Ophthalmic nurse David Garland started his talk at the 2017 RANZCO New Zealand branch nurses meeting to the dulcet tones of Paul McCartney singing ’The long and winding road’.
The song’s title was an apt metaphor to his presentation on just what it takes to become an ophthalmology nurse practitioner: six years of post-graduate study that in reality took twelve years to complete, in part due to a government-instigated change in about 2011 that swung the Nursing Council’s focus more towards primary healthcare, thus making it unlikely, or at least far more difficult, for nurses in specialised fields, such as ophthalmology, to become nurse practitioners.
Considered the gold standard in nursing today, the nurse practitioner qualification allows nurses to share far more of the prescribing, monitoring and hands-on-care of patients with doctors.

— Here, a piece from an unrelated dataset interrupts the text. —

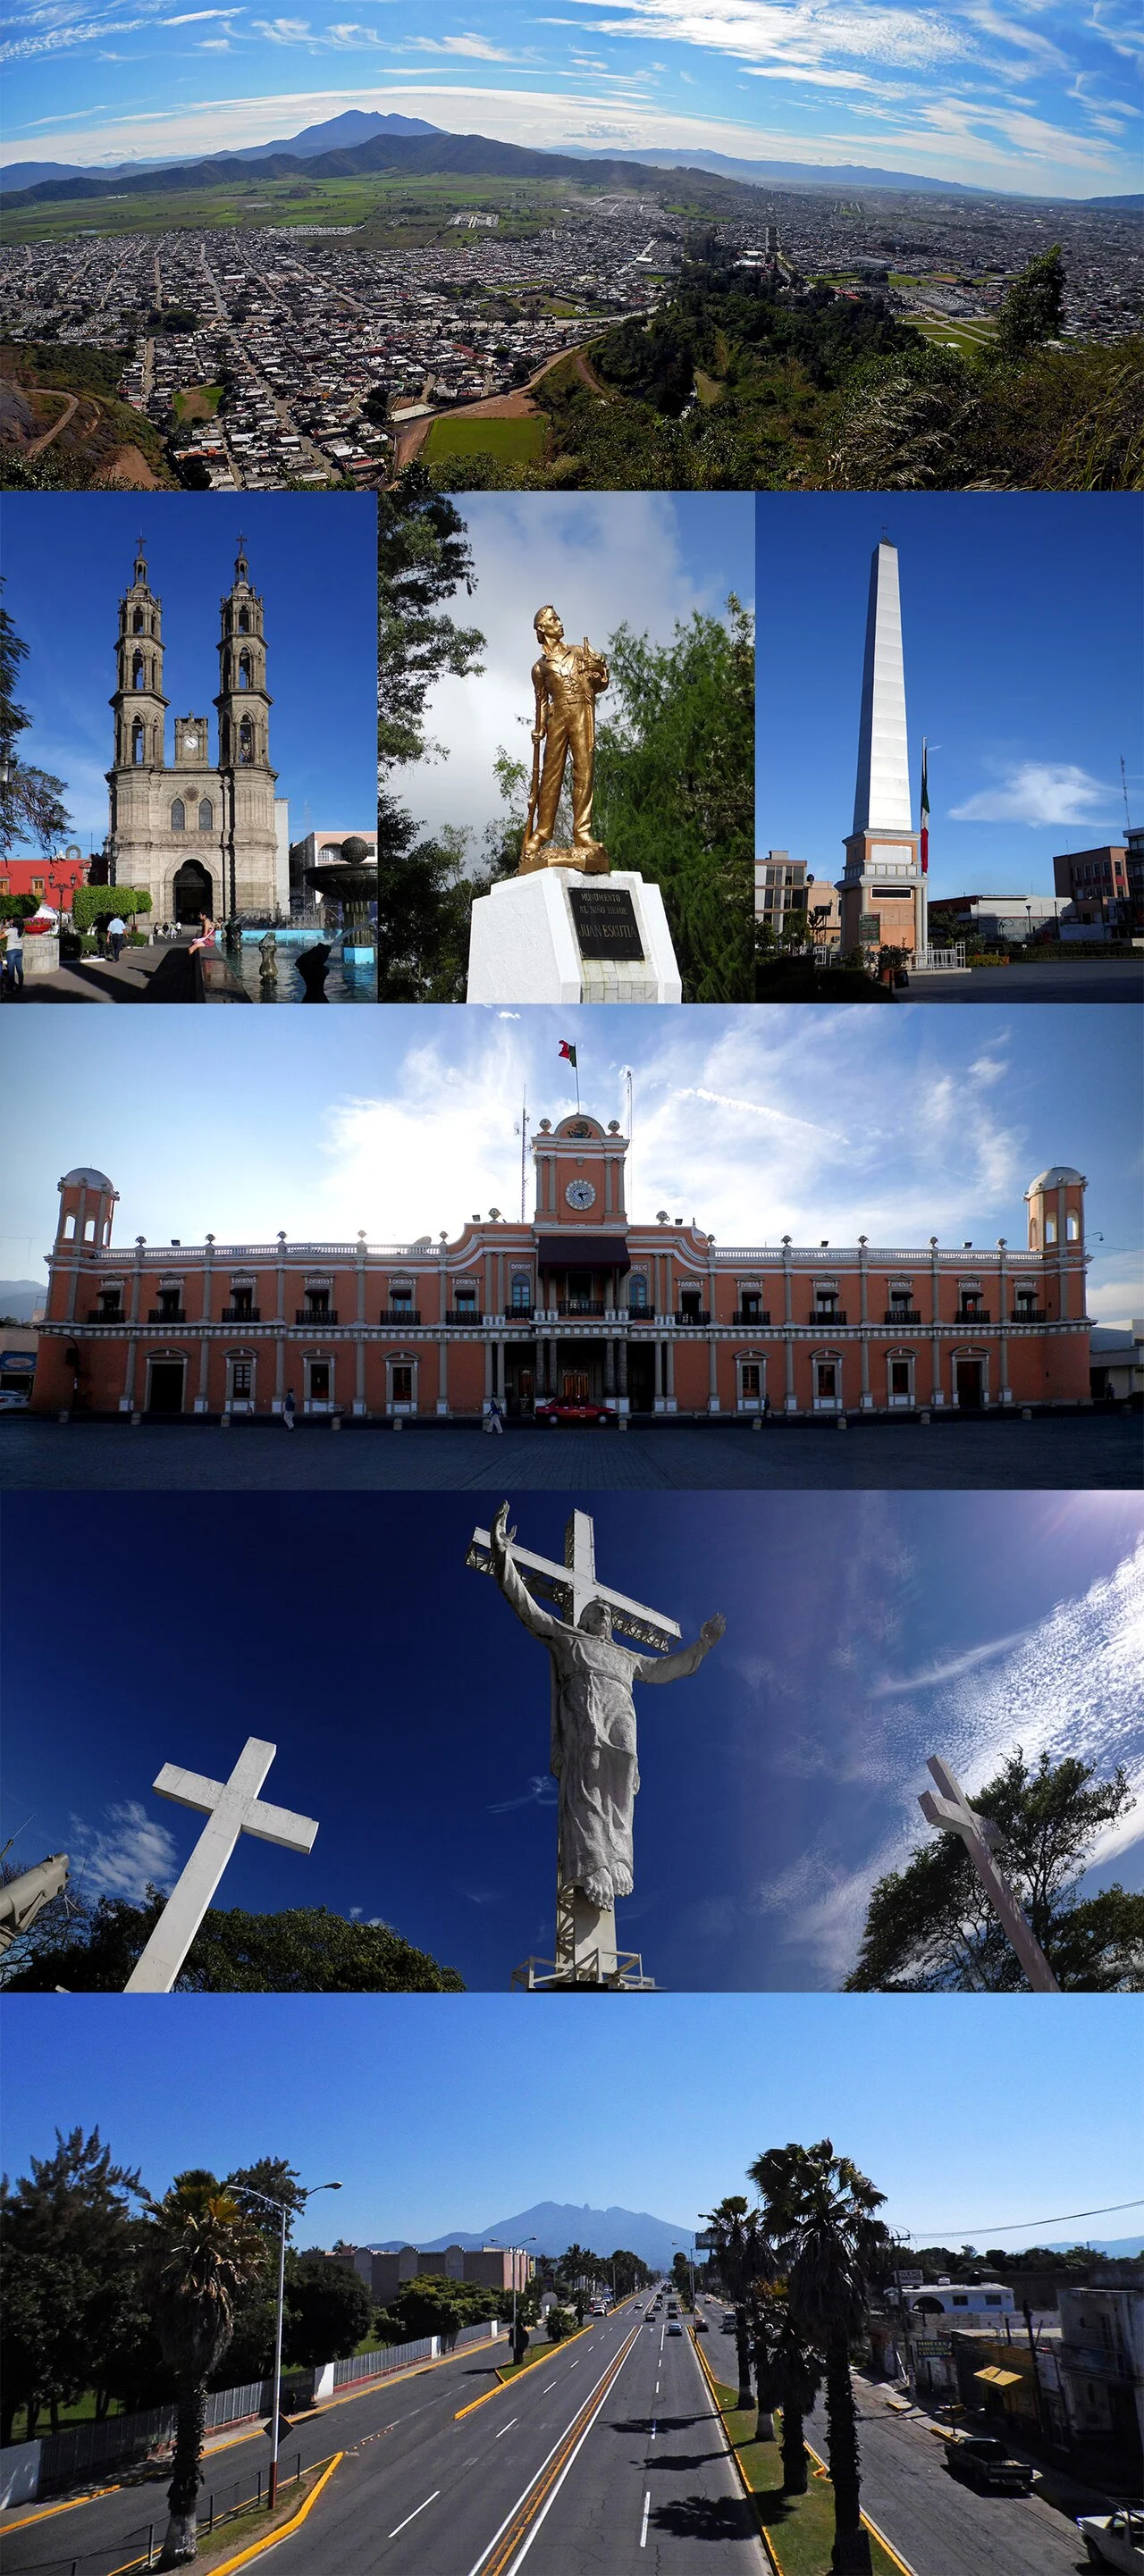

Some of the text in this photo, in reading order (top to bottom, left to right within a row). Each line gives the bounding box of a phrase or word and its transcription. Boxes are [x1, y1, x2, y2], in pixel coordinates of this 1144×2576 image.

Garland begun his journey in 2003 and started post graduate study in 2005. He was urged on and supported by the country’s first ophthalmic nurse practitioner Carol Slight (see NZ Optics’ September 2016 issue) who qualified in 2007. He had the required Masters’ degree in nursing (2010) and he had the extra prescribing training and experience required to become a nurse practitioner. Garland just had to prove to the Nursing Council there was enough breadth and depth in ophthalmology and in his experience as a nurse for them to allow him to cross the final hurdles - a post-graduate Nurse Practitioner Training Programme, run through the nursing schools at Auckland and Massey Universities, and a panel exam with the Council for accreditation.
He was eventually allowed to sit the final course, take the “tough” panel review (“not my best performance,” he says) and pay the required $1,500 fee to register as a nurse practitioner, which would have been lost had he not passed, and was finally allowed to call himself a nurse practitioner (ophthalmology’s second) this year.
“It is brutal. It is a long winding road,” he said in the conclusion of his talk. “It takes a lot of sacrifices on you personally, as well as family, colleagues and your department… so if you really want to do this, it’s vital you have support from yoiur nearerst and dearest, and particularly from your department. (And) get published, get into leadership, the council are looking for that broad experience.”
Talking after his presentation to NZ Optics, Garland added he wanted to become a nurse practitioner to give his career more breadth. “I wanted to do this because the role opens up options to see more patients, more independently, but still in collaboration with the doctors, so you have more opportunity to make a difference in clinical areas.”
The role isn’t for everyone, he said, but if you can see a gap where you could make a difference now or in the future, that’s when you should consider becoming a nurse practitioner.
“But it does require a lot, and I mean a lot, of post-graduate study and commitment… You also need to make sure you’re exposed to a broad range of areas, both inside ophthalmology, and how that can relate to the body as a whole, the eye being the window to the soul type-of-thing, and right across nursing in a more general sense, and how to articulate that.”
After on-and-off study for the best part of 12 years, Garland said he’s relieved to be qualified, but admits, in some ways, it’s really, just the beginning.